According to Dijana Vucinicpreserving identity within the cities and cultures that are heading towards the EU is one of the biggest challenges for a country such as Montenegro and for other countries that went through very significant transformations after the na,e of socialism, as she stated in an interview with her and Bart Lootsma entitled “Pink Flamingos and Muscular Men – Independence is a Relative Phenomenon”.

Or the impossibility to censor images of mon as Austin Arensberg describes. In his piece “Enfiladed Grids: With his contribution “Les Grands Ensembles” – a nae still of a film depicting model replicas of two modernist high rise buildings in a barren nocturnal landscape in the suburbs of Paris – the French artist Pierre Huyghe attempts to fight such urban amnesia by representing a period that has remained marginalized and overlooked.
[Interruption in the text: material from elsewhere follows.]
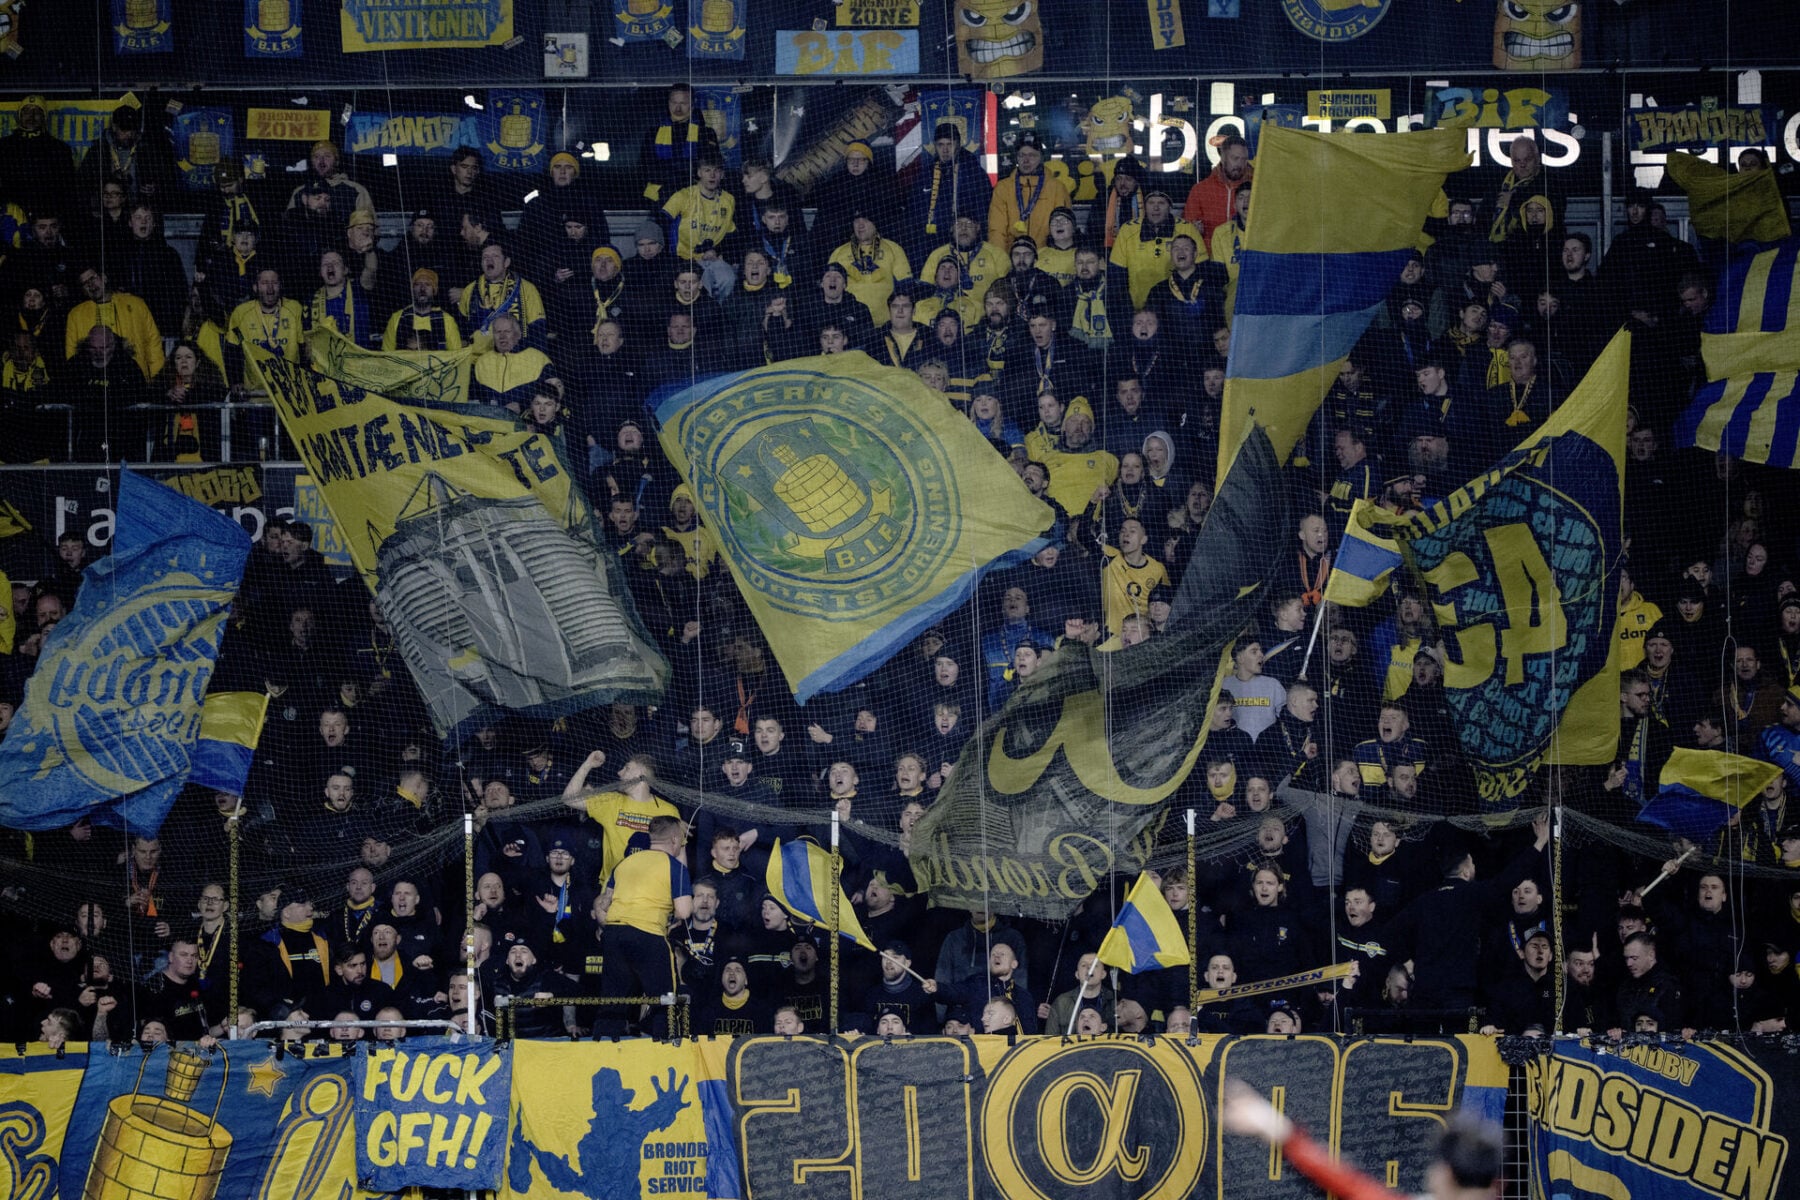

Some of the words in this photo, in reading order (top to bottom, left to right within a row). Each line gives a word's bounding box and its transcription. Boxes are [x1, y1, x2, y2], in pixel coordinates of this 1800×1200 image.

Infrastructures of Mobility and Design Agency beyond the City”. Such an attitude leads in a lot of cases to the design of big box, Ikea-like, building types that are anme located along a suburban 3s. How can the resources of the city be best used to benefit the lives of older people?

To what extent, for example, are the areas of the city of Jakarta, despite being the rising star of Indonesia, subject to unequal exposure to environmental risks, disaster planning, and financial reorganization and management that may monnu eclipse many forms of life that constitute the very ‘cityness’ of Jakarta? That people want to remain active and go on for as long as possible is argued by Frits van Dongenthe former Chief Government Architect of the Netherlands, who, after more than thirty years of experience and being in his early 70s, just recently opened a new office that he describes on his website as a “young Amsterdam-based office”, in another interview called “Stayin’ Alive”.